Meva Hodzic takes out a tobacco box, a rusted Swiss knife and a key from a plastic box, and with them fall crumbs of clay. She puts the clay back in the bag, because it's a kind of relic, too: It comes from the mass grave where her husband was found after Serbs killed him in the forest, as he fled carrying the three objects. "It belongs to these items and they should stay together. I was asked to give all this up for a museum of items found in mass graves. But, no," she says "how can I do that if it's the only thing I have left from him?" Mujo ran into the forest with the other Srebrenica men after promising to come back to find her in the purported safe haven that was under Dutch peacekeeper protection. Instead, parts of Mujo's body turned up after the war in three different mass graves. He was put together and identified through DNA analysis. "Besides him I lost two brothers, my father, two sons-in-law and my nephews."

___

PICTURE OF SORROW

When Remzija Delic, 58, wakes up in the morning, the first thing she sees on the wall is the picture of her husband Sabit. Then she gets up and looks through the window at the former factory that the United Nations turned into their military headquarters after they declared Srebrenica a safe haven - staring hard at its gate. She goes to the stove and puts the water on boil for her morning coffee. When she returns to the window, she sees her neighbor walking down the street to work, and her face grows dark. She says he was the Bosnian Serb army soldier who separated her husband from her at the factory gate, selecting him to become one of the victims of the massacre. She also lost her father, two brothers and several nephews. As Sabit was trying to board the bus transporting the Srebrenica women to government-held territory, she says, the neighbor grabbed him by the back and yelled: "No. Not you." He pushed him over to the crowd of men chosen for killing, according to Delic. Forensic experts found Sabit, 40, in a mass grave. "You know, all this did not make me hate the Serbs," she says. "There are some wonderful people among them."

___

TOBACCO BOX AND FLINT

Djulka Jusupovic, 65, carefully handles a tobacco box made of cans of U.N.-delivered food, along with a piece of flint used to make fire with during the war. After three years of Serb siege, the population ran out of lighters or matches and improvised just like cavemen did. "Someone would make fire with this in his garden in the morning, then everybody would come with a piece of wood to light it and take it home to make a fire," she said, describing life in a town that was on the brink of starvation before the bloodletting began. She keeps the items in several plastic bags. They are still as dirty as they were found when found on her husband, Himzo, as he was excavated from a mass grave. These days she rarely looks at the objects.
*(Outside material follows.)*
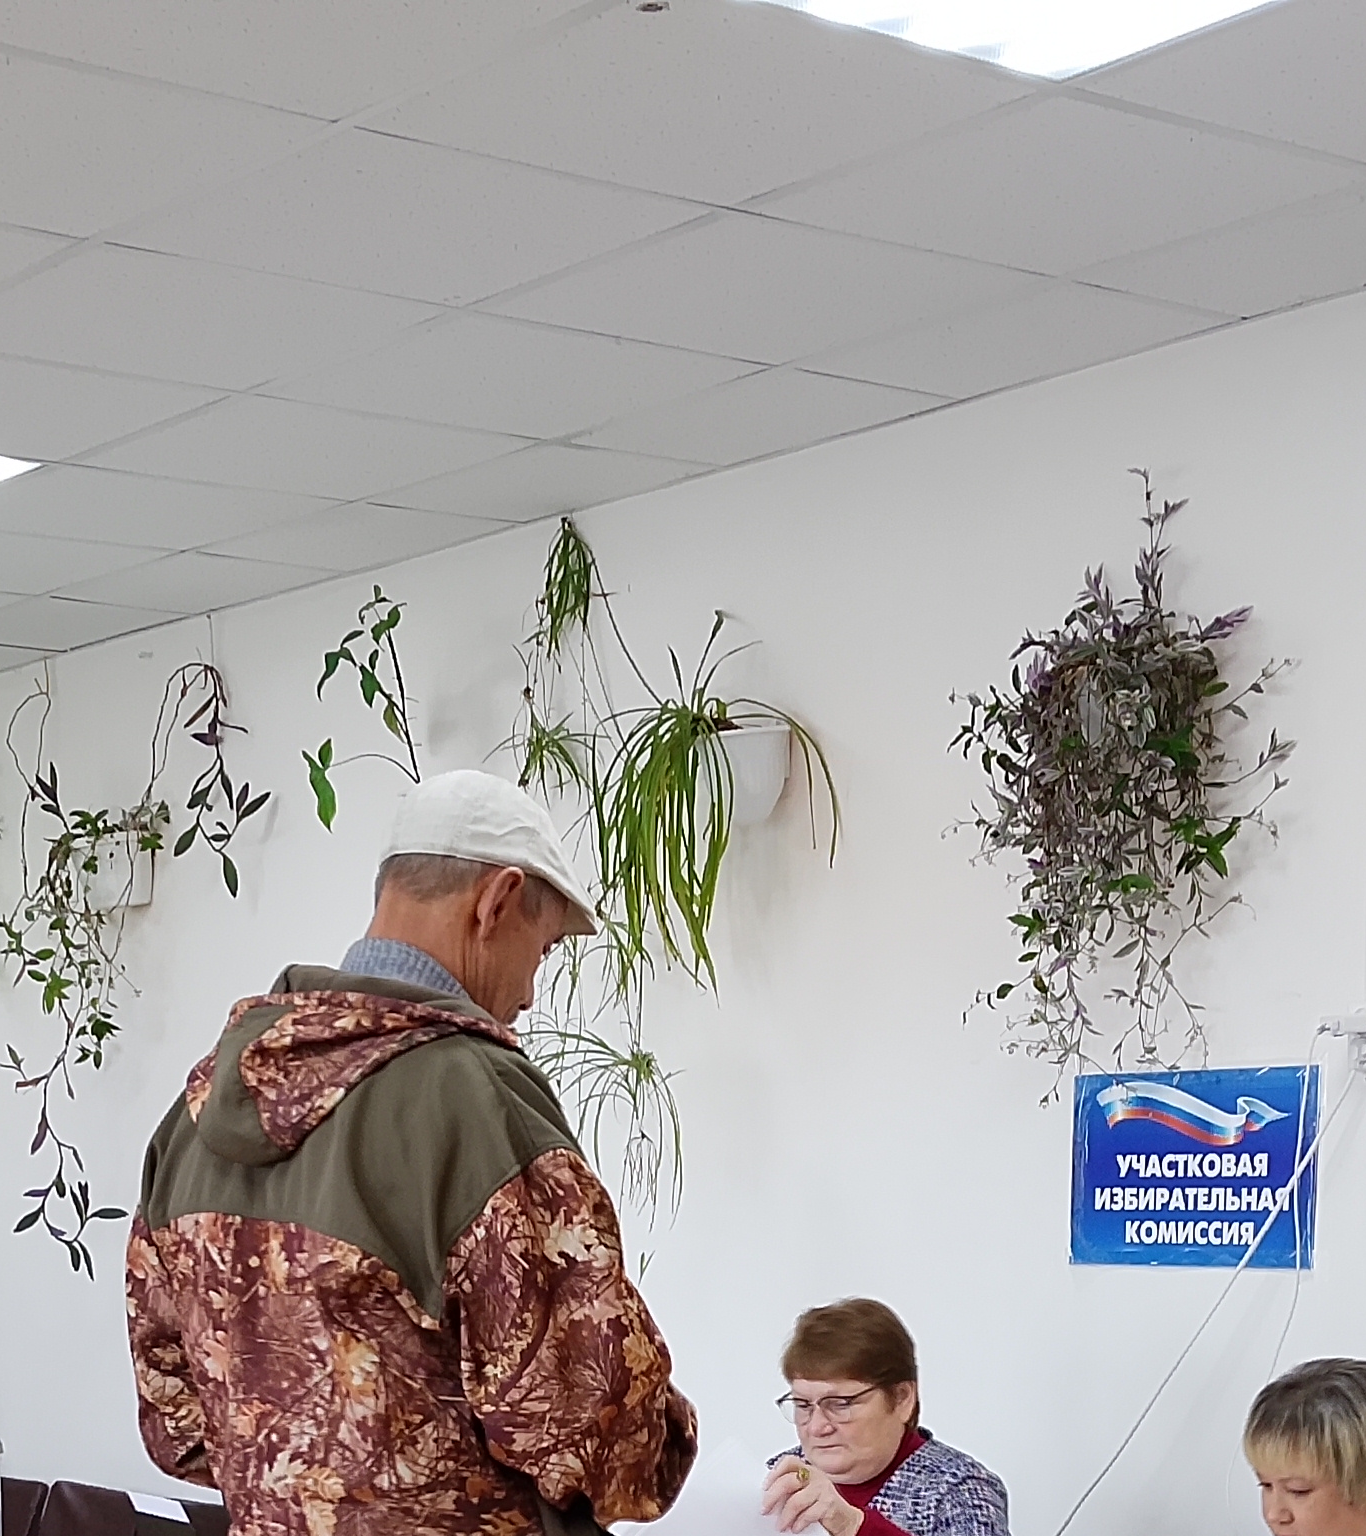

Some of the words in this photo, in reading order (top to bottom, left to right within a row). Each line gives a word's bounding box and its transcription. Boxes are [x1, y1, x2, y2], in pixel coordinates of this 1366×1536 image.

[1116, 1152, 1269, 1178] УЧАСТКОВАЯ
[1094, 1186, 1291, 1212] ИЗБИРАТЕЛЬНАЯ
[1124, 1220, 1255, 1245] КОМИССИЯ
Each time she takes them out, she remembers what the forensic experts told her when they handed them to her: Himzo, after being shot, may have still been alive when buried.

___

HOME-KNIT SWEATER

"Once this sweater was white like snow," says 60-year-old Kadira Gabeljic. "I knitted it myself." She points to it in a picture of the clothes wrapped around her husband's skeleton when forensic experts found him. "Now it's black from the dirt of the mass grave they found him in, and it is torn in the middle from bullets that rattled through his stomach when the Serbs shot him." Her only two children, sons Mesud, 16, and Meho, 21, followed their father Abdulah and the other men fleeing through the woods. All three were hunted down and slaughtered. Her 42-year-old husband and Meho were taken to a warehouse in the nearby village of Kravice and locked inside with another 1,000 other men who were hunted down. Then the Serbs threw hand grenades inside and mowed down the crowd through the windows, until they killed all of them. Forensic experts later found their body parts in four different mass graves. "Actually, they only found parts of Meho," she said. "The head and legs. The middle part is still missing. I buried what I had."

Thursday 9 July 2015

http://www.ksby.com/story/29507535/srebrenica-women-tell-tale-of-loss-through-objects-of-memory

continue reading

Saturday, 4 July 2015

Funerals of 136 Bosnian victims to mark anniversary


This year’s 20th anniversary of the Srebrenica massacre will be marked by the burial of 136 victims identified over the past year, an official said on Friday.

The Institute for Missing Persons said 160 corpses from the 1995 massacre of 8,000 Bosnian Muslim men and boys by Bosnian Serb paramilitaries had been identified since last year’s July 11 anniversary.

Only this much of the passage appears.